__THE TASK__
Word for word and without images, transcribe all of the records.

__Saved entries__
----
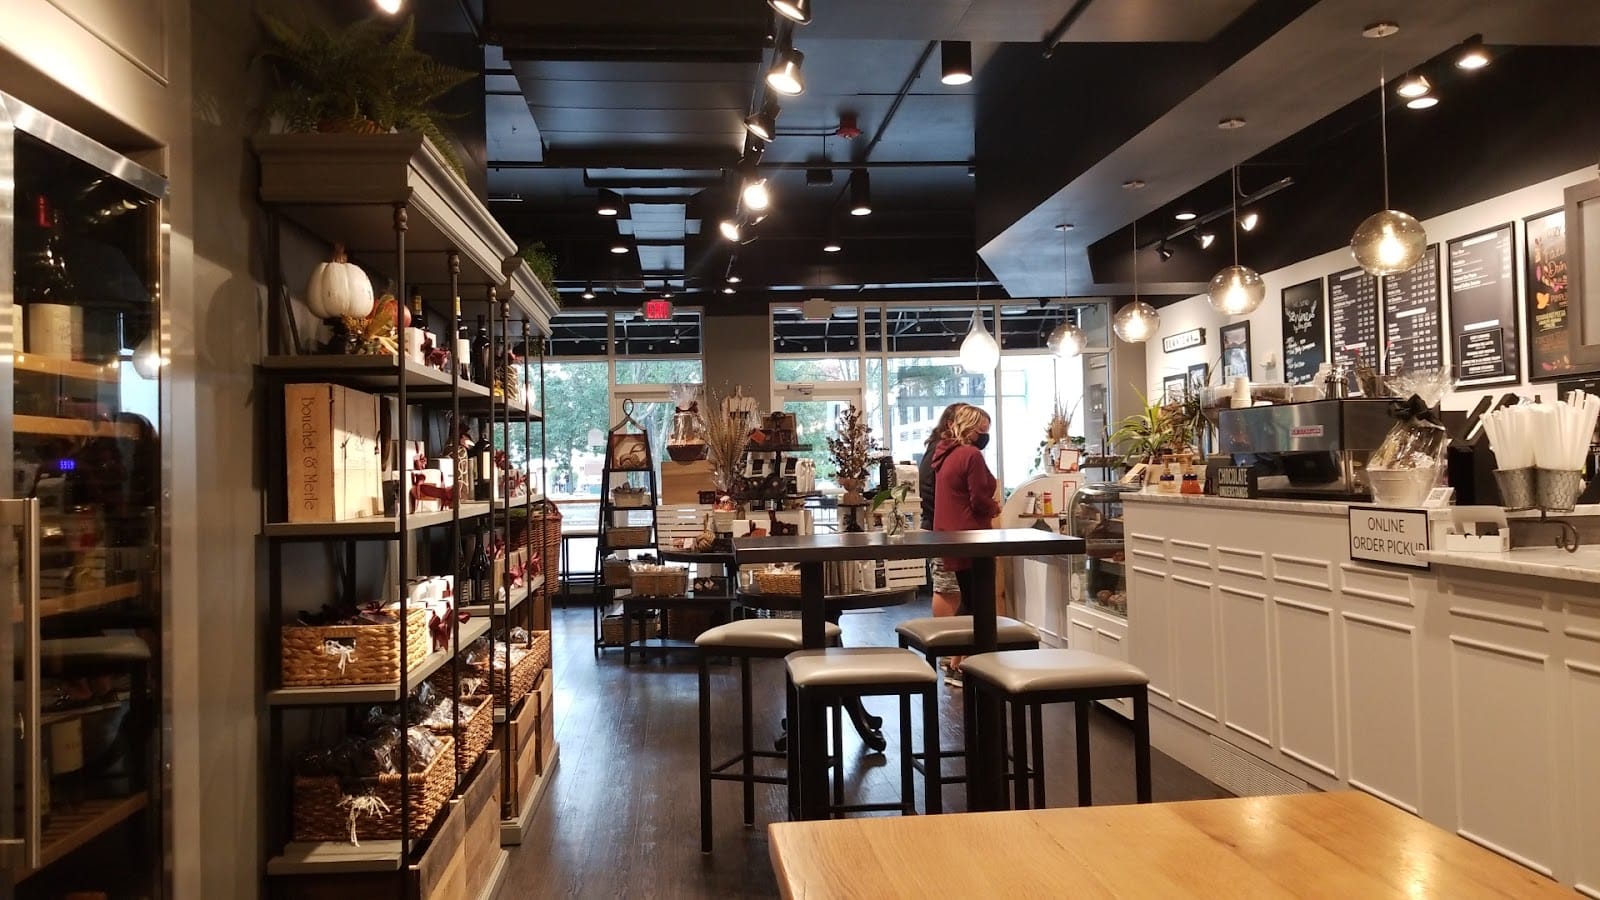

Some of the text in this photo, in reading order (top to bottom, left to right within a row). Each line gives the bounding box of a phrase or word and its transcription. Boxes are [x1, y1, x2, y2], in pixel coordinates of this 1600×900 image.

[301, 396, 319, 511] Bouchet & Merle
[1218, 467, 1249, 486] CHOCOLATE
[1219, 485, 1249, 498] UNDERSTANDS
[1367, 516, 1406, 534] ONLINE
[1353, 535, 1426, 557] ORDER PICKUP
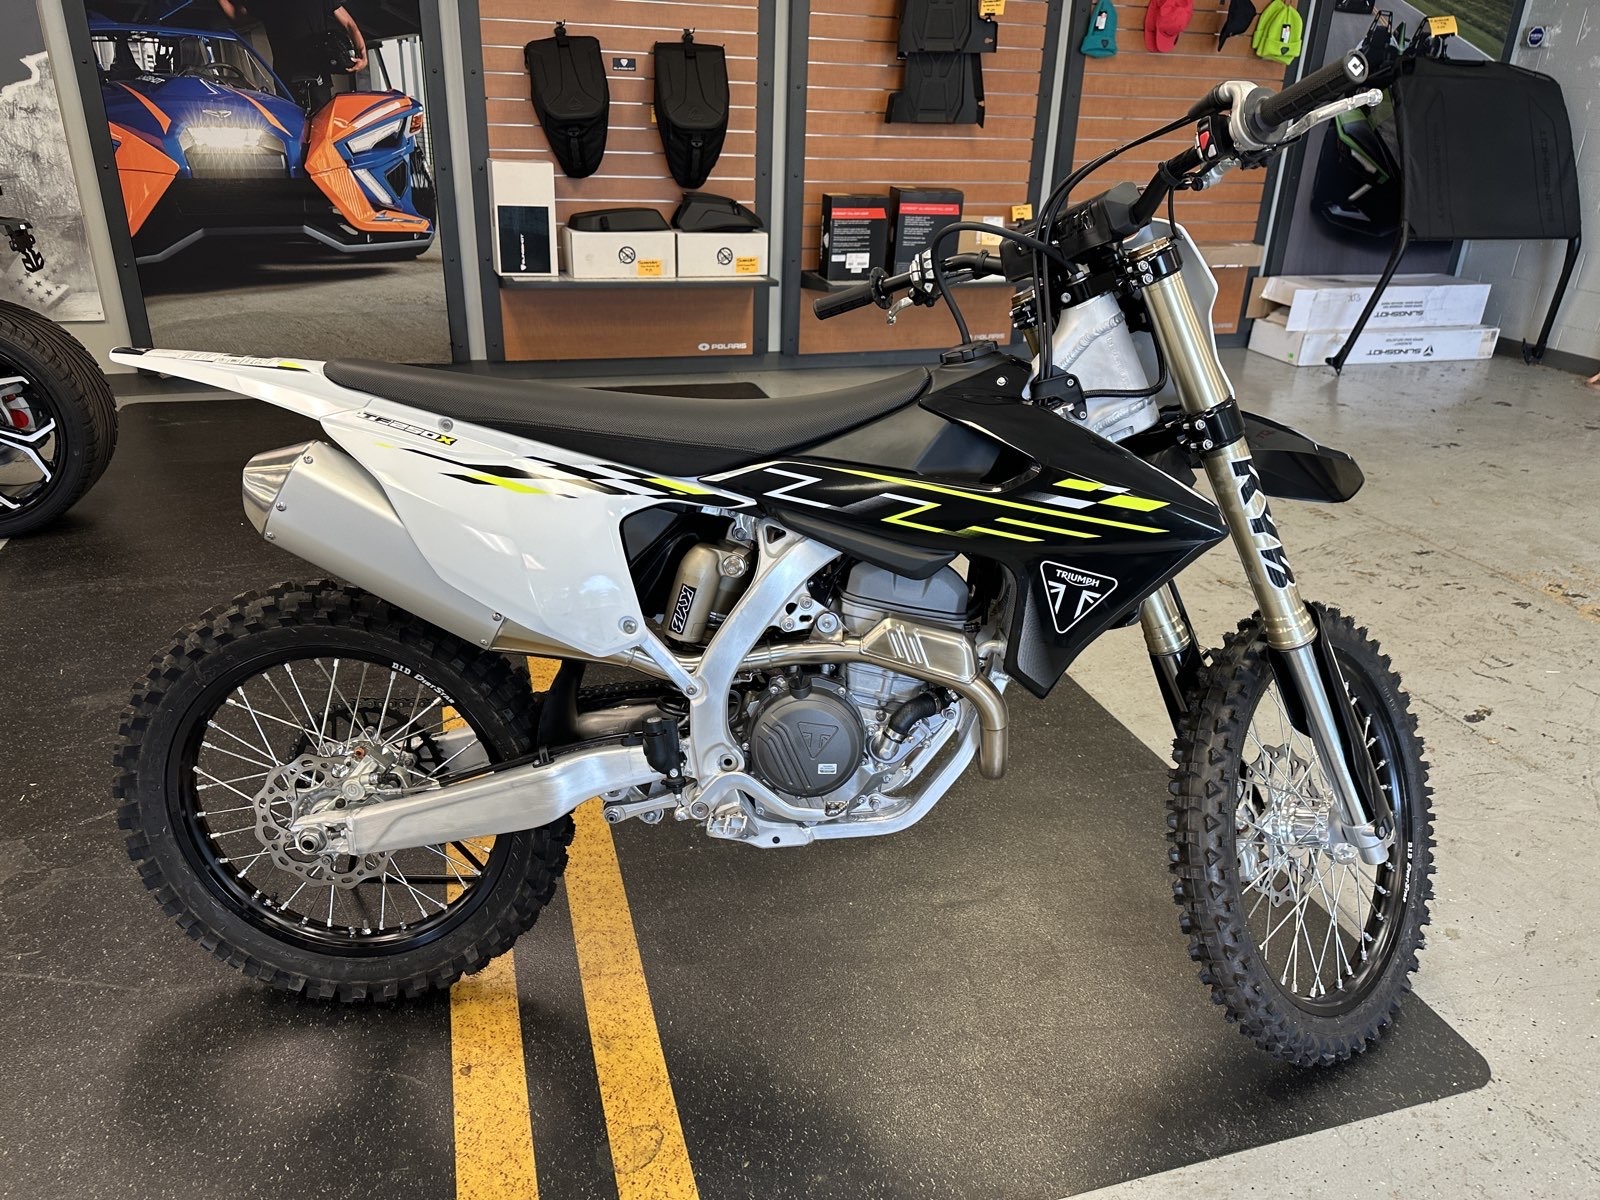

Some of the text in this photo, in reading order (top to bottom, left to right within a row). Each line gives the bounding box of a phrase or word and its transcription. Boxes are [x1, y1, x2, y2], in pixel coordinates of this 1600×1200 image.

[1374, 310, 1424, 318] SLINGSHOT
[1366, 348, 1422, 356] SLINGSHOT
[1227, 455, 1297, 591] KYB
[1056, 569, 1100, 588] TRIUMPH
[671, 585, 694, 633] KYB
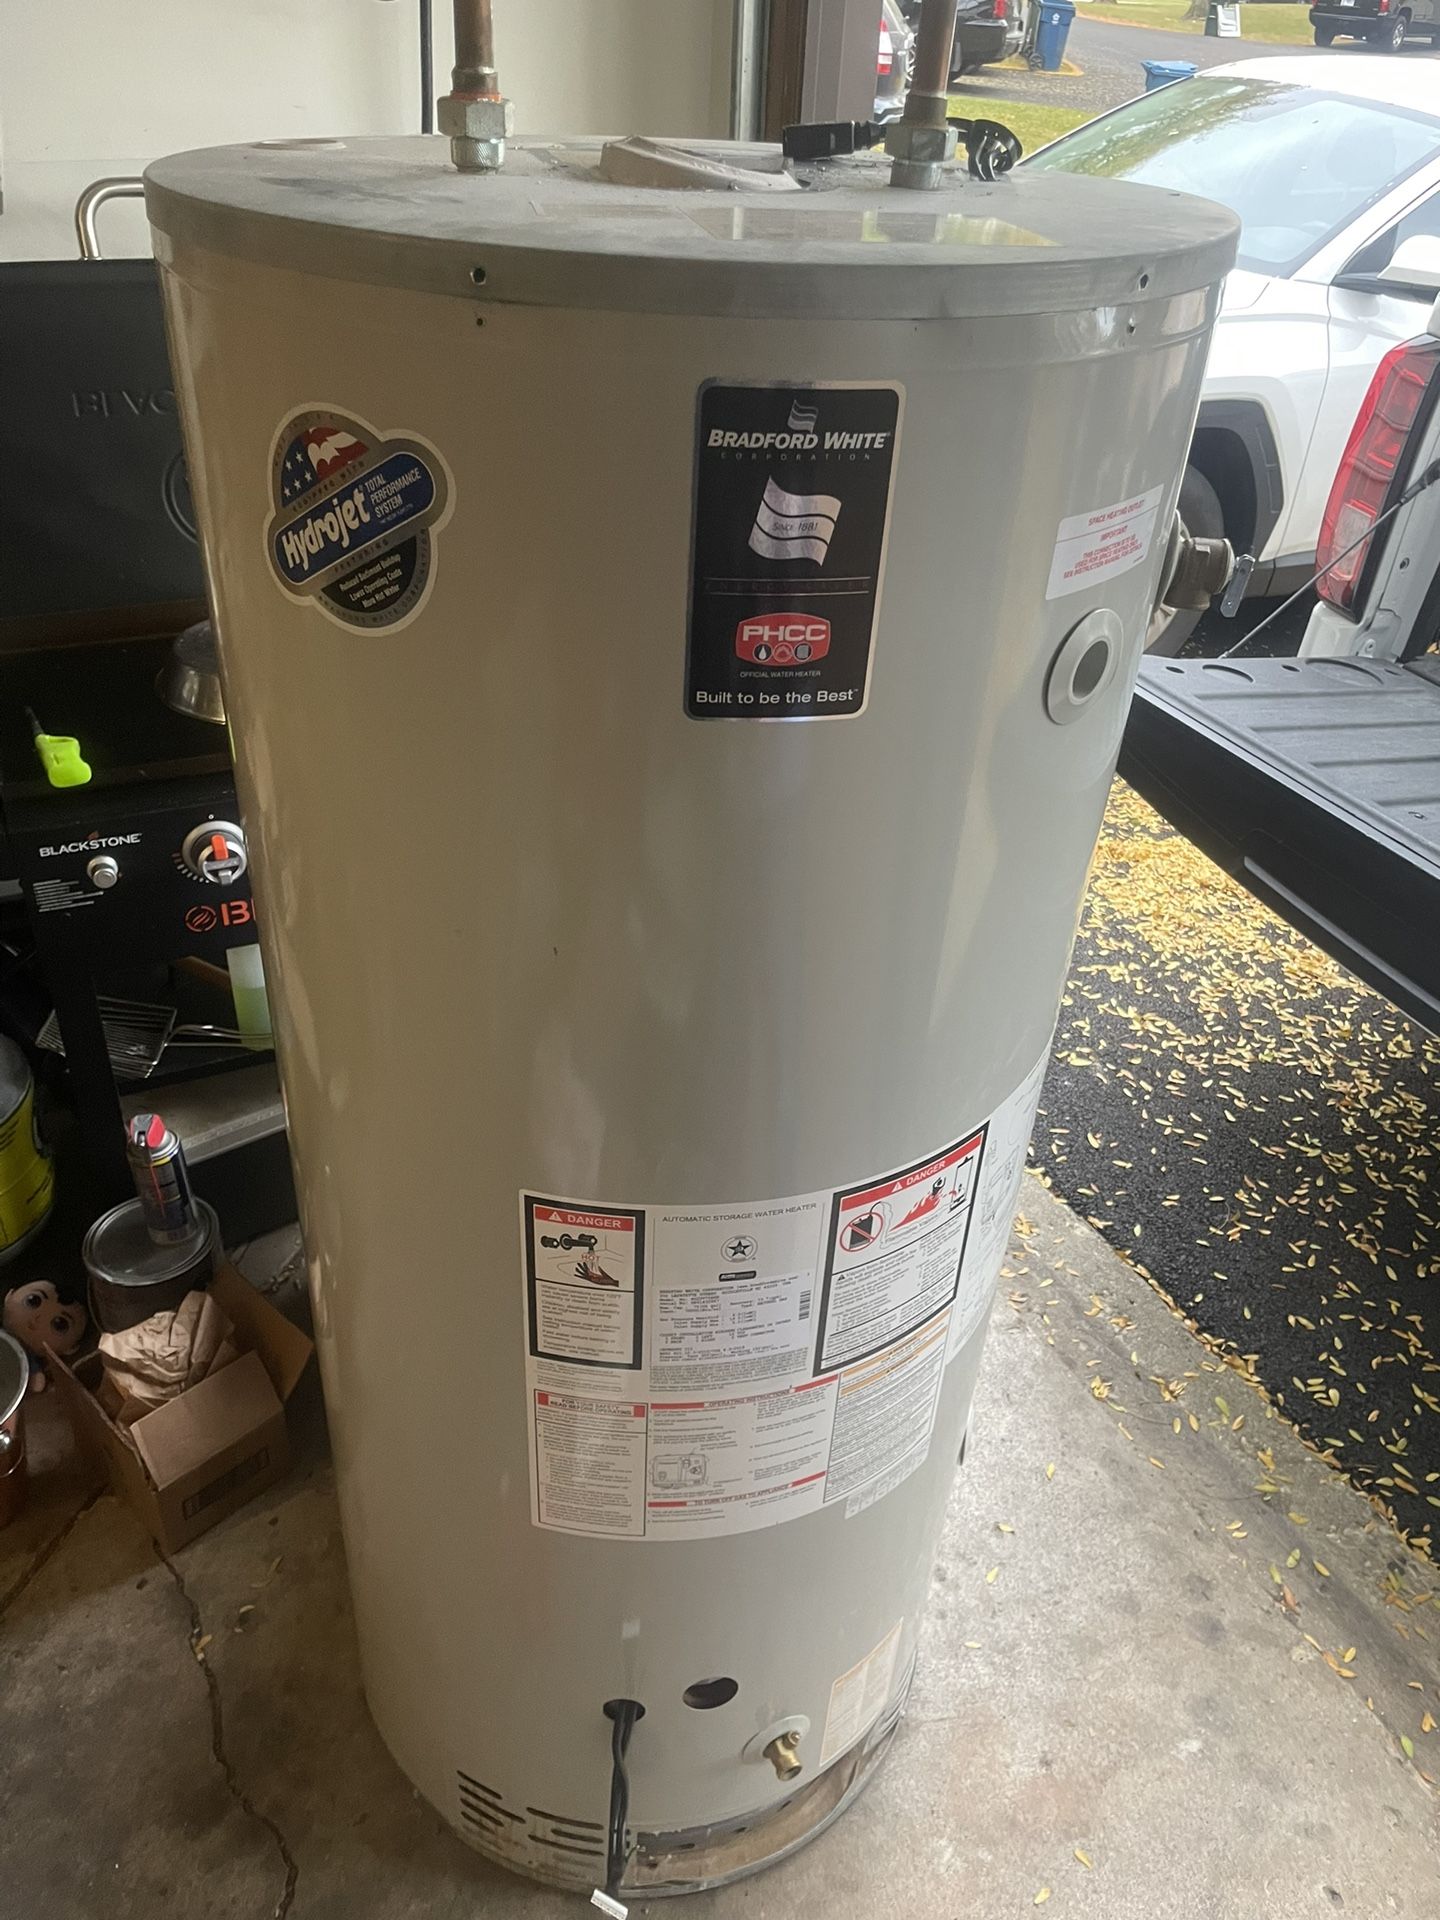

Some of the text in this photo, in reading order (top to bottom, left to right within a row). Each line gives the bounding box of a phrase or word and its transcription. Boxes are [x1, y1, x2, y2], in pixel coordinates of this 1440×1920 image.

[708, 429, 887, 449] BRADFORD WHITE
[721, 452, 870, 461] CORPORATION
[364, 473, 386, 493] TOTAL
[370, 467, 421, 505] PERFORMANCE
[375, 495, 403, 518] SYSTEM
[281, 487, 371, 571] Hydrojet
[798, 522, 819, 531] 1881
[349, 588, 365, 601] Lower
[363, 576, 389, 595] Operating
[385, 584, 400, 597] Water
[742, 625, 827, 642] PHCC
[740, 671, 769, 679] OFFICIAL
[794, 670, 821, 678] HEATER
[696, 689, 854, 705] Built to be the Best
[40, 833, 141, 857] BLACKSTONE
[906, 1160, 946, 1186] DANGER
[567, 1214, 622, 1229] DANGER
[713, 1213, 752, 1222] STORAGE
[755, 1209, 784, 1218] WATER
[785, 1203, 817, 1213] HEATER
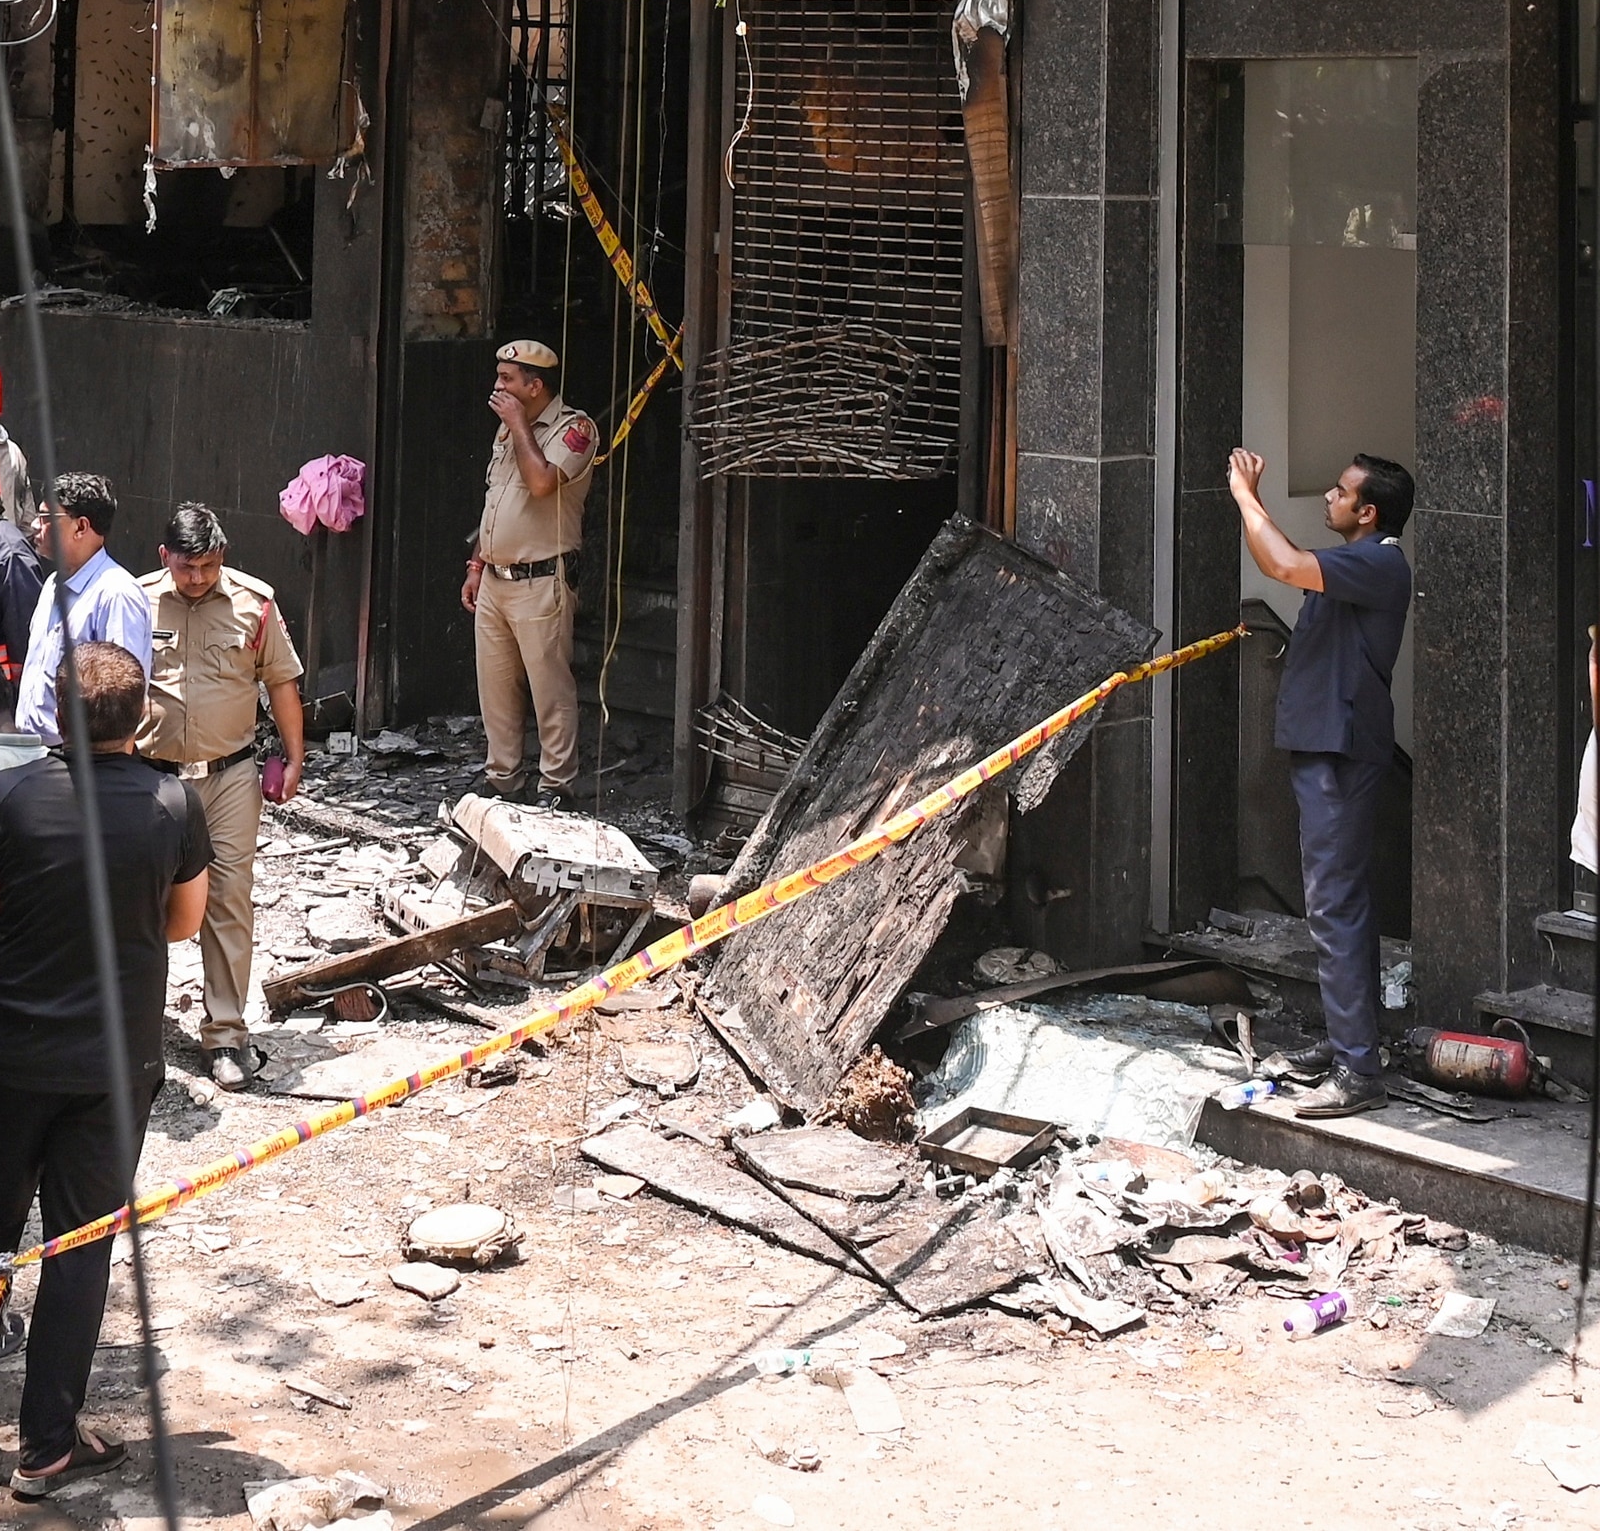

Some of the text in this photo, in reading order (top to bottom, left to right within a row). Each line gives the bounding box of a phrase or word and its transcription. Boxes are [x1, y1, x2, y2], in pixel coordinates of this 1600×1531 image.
----
__EXERCISE ANSWER__
Some of the text in this photo, in reading order (top to bottom, left to right within a row). Each line gives the bounding box of a phrase or word and its transcription. Boxes are [x1, y1, x2, y2], in pixel coordinates of this 1600×900 image.

[301, 396, 319, 511] Bouchet & Merle
[1218, 467, 1249, 486] CHOCOLATE
[1219, 485, 1249, 498] UNDERSTANDS
[1367, 516, 1406, 534] ONLINE
[1353, 535, 1426, 557] ORDER PICKUP

Some of the text in this photo, in reading order (top to bottom, left to right within a row). Each line gives the bounding box of a phrase or word and its transcription. Boxes are [x1, y1, x2, y2], in pixel coordinates of this 1600×1200 image.

[1374, 310, 1424, 318] SLINGSHOT
[1366, 348, 1422, 356] SLINGSHOT
[1227, 455, 1297, 591] KYB
[1056, 569, 1100, 588] TRIUMPH
[671, 585, 694, 633] KYB

Some of the text in this photo, in reading order (top to bottom, left to right within a row). Each line gives the bounding box of a phrase or word and its transcription. Boxes are [x1, y1, x2, y2], in pixel coordinates of this 1440×1920 image.

[708, 429, 887, 449] BRADFORD WHITE
[721, 452, 870, 461] CORPORATION
[364, 473, 386, 493] TOTAL
[370, 467, 421, 505] PERFORMANCE
[375, 495, 403, 518] SYSTEM
[281, 487, 371, 571] Hydrojet
[798, 522, 819, 531] 1881
[349, 588, 365, 601] Lower
[363, 576, 389, 595] Operating
[385, 584, 400, 597] Water
[742, 625, 827, 642] PHCC
[740, 671, 769, 679] OFFICIAL
[794, 670, 821, 678] HEATER
[696, 689, 854, 705] Built to be the Best
[40, 833, 141, 857] BLACKSTONE
[906, 1160, 946, 1186] DANGER
[567, 1214, 622, 1229] DANGER
[713, 1213, 752, 1222] STORAGE
[755, 1209, 784, 1218] WATER
[785, 1203, 817, 1213] HEATER

Some of the text in this photo, in reading order (top to bottom, left to right within a row). Each line gives the bounding box of a phrase or word and its transcription. Boxes are [x1, y1, x2, y2], in pixel coordinates of this 1600×1531 image.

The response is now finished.